### [EXERCISE DETAILS]
Return the entries below verbatim. Pictures stay out.

** EXERCISE MATERIAL follows **

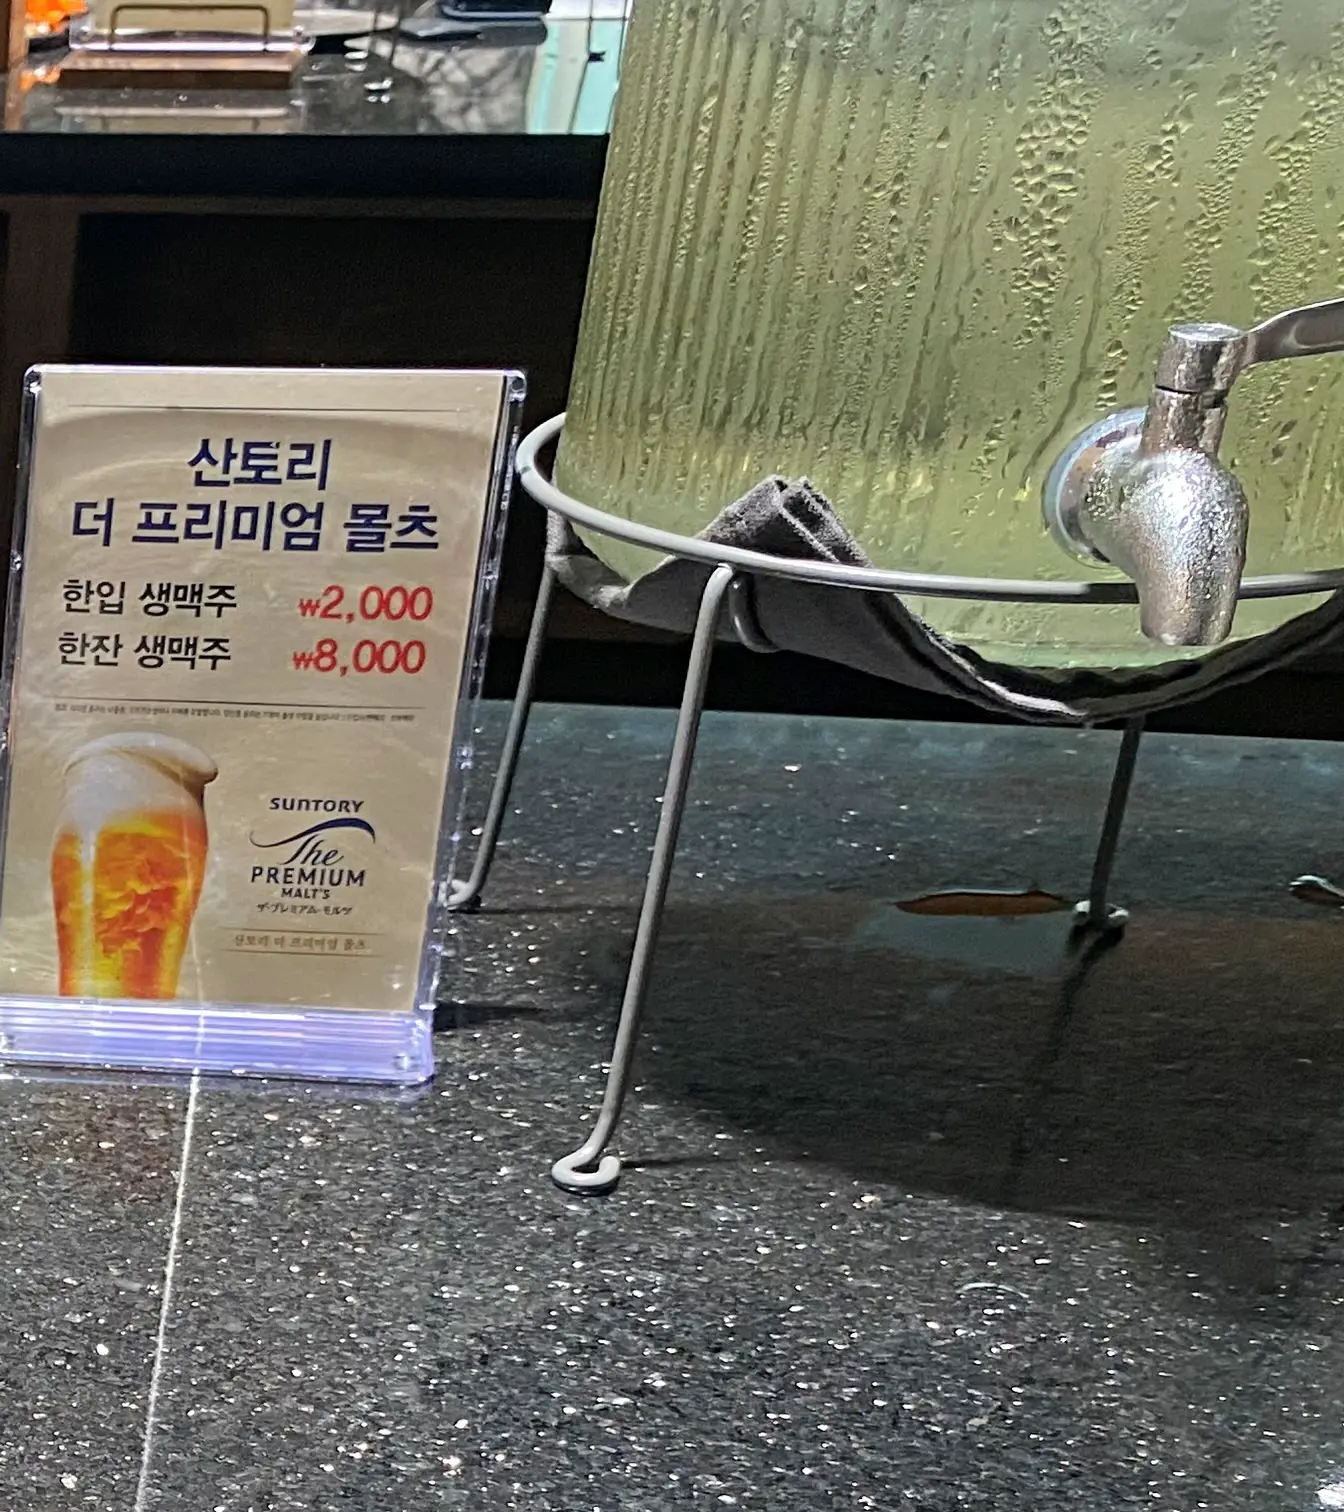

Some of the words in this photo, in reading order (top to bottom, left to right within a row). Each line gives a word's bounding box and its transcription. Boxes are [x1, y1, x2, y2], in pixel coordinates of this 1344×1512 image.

[188, 437, 332, 490] 산토리
[71, 497, 114, 547] 더
[131, 500, 325, 552] 프리미엄
[342, 502, 439, 553] 몰츠
[62, 579, 126, 616] 한입
[137, 581, 237, 619] 생맥주
[57, 632, 123, 667] 한잔
[133, 634, 232, 671] 생맥주
[269, 797, 365, 813] SUNTORY
[278, 833, 345, 866] The
[250, 866, 366, 887] PREMIUM
[281, 887, 331, 900] MALT'S
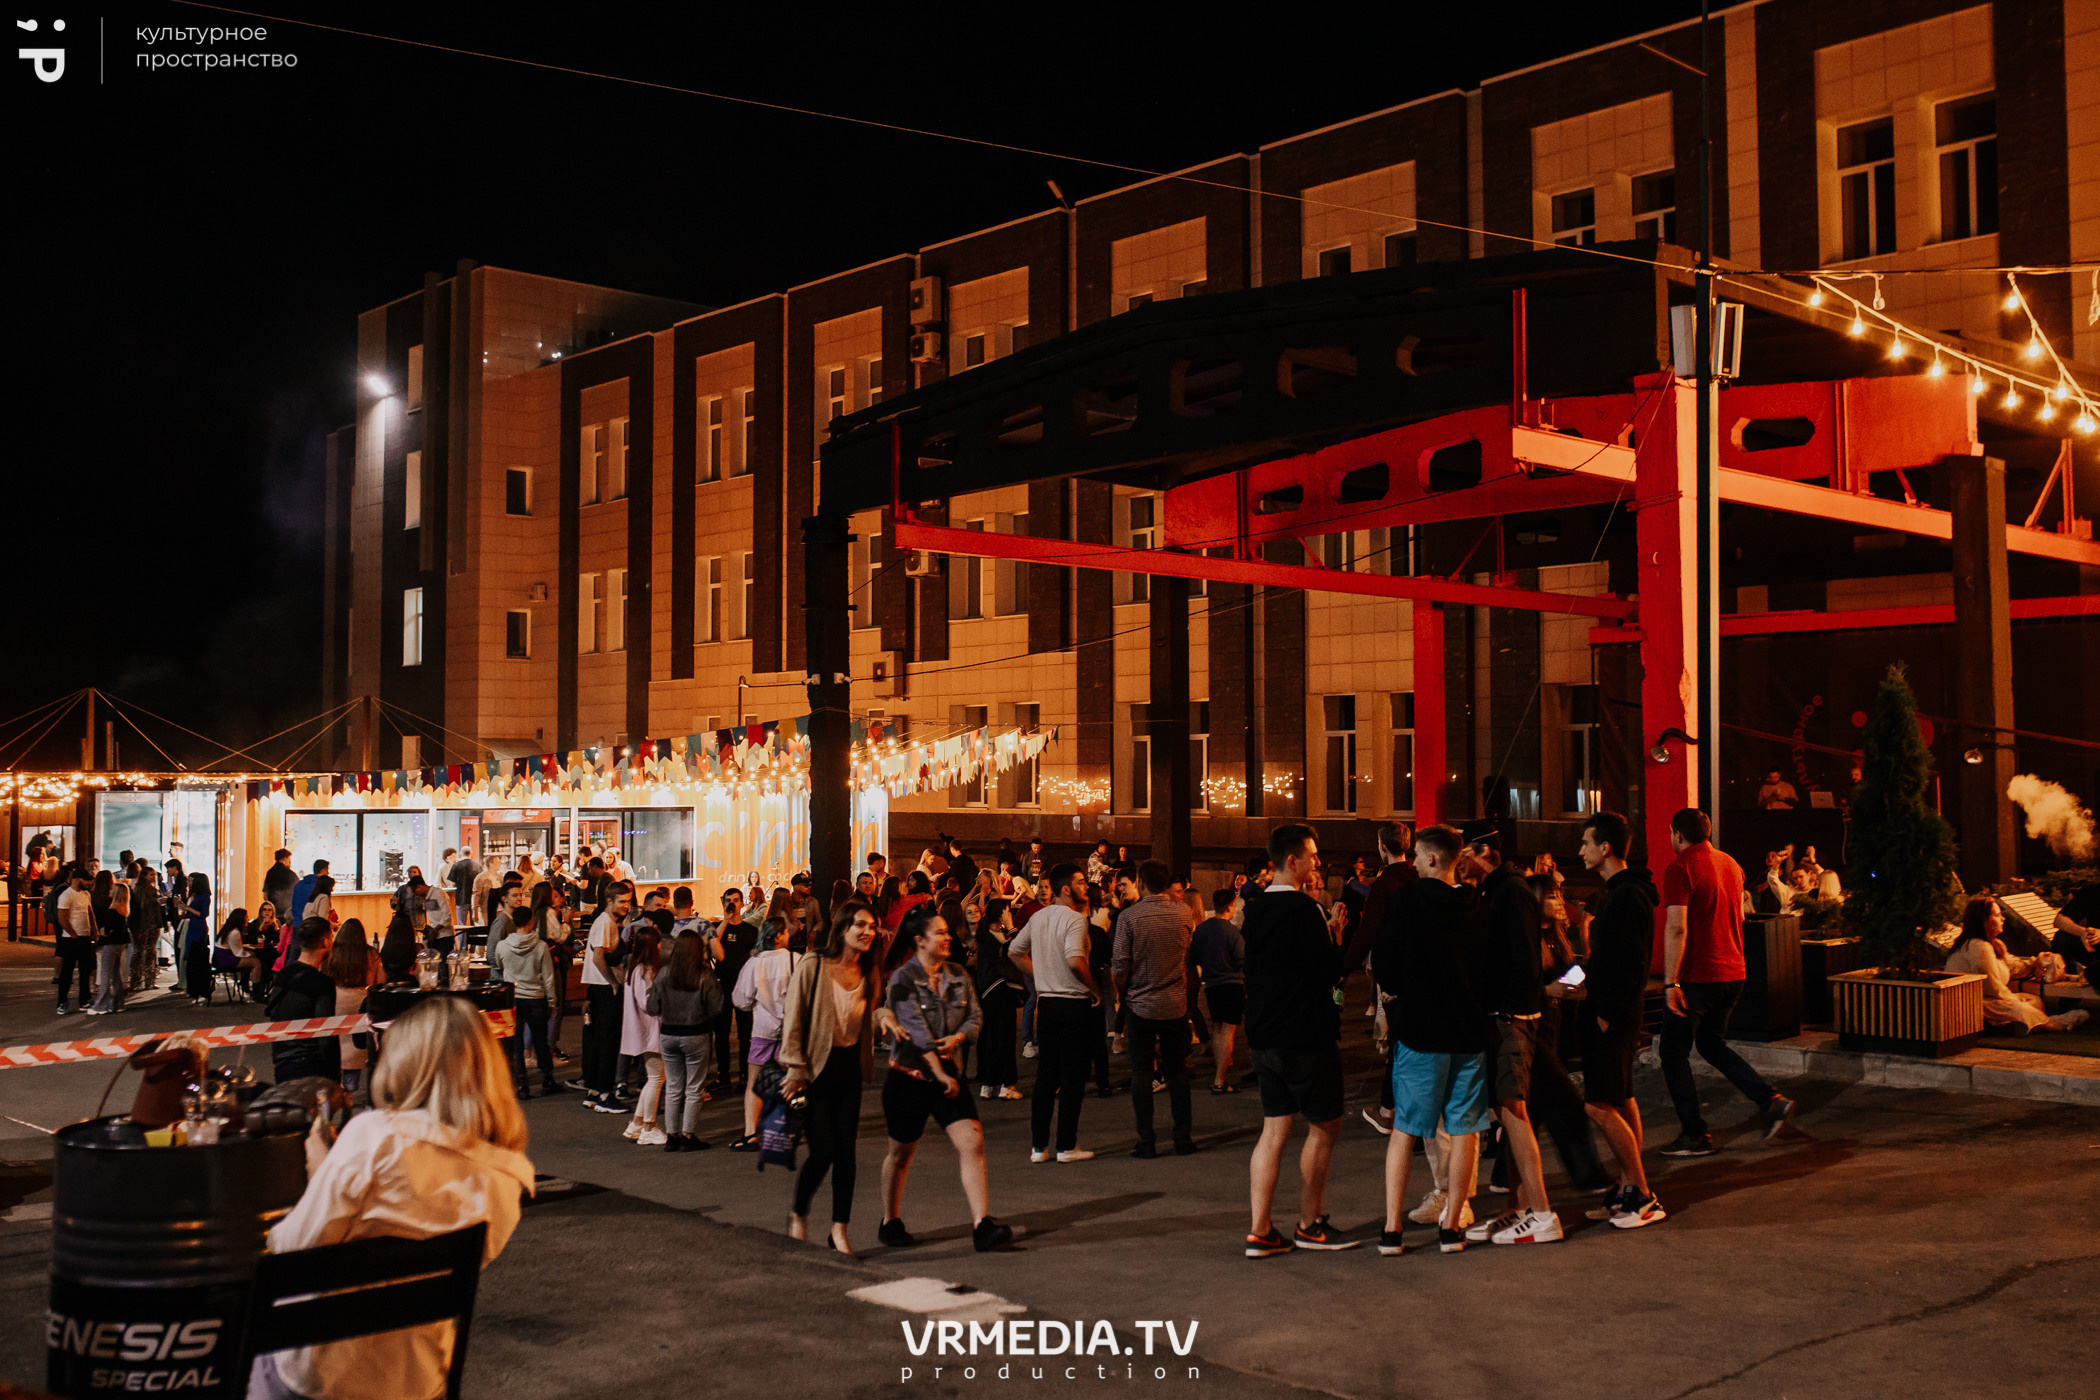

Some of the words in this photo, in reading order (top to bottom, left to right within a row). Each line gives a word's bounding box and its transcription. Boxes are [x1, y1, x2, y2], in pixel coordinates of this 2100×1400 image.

** End of EXERCISE MATERIAL **

### [REPLY]
Some of the words in this photo, in reading order (top to bottom, left to right within a row). Each line gives a word's bounding box and its transcription. Boxes are [x1, y1, x2, y2], in pixel coordinates of this 1344×1512 image.

[188, 437, 332, 490] 산토리
[71, 497, 114, 547] 더
[131, 500, 325, 552] 프리미엄
[342, 502, 439, 553] 몰츠
[62, 579, 126, 616] 한입
[137, 581, 237, 619] 생맥주
[57, 632, 123, 667] 한잔
[133, 634, 232, 671] 생맥주
[269, 797, 365, 813] SUNTORY
[278, 833, 345, 866] The
[250, 866, 366, 887] PREMIUM
[281, 887, 331, 900] MALT'S

Some of the words in this photo, in reading order (top to bottom, left to right within a row). Each line gives a word's bounding box and its transcription. Boxes are [x1, y1, x2, y2], in pixel coordinates of this 2100×1400 image.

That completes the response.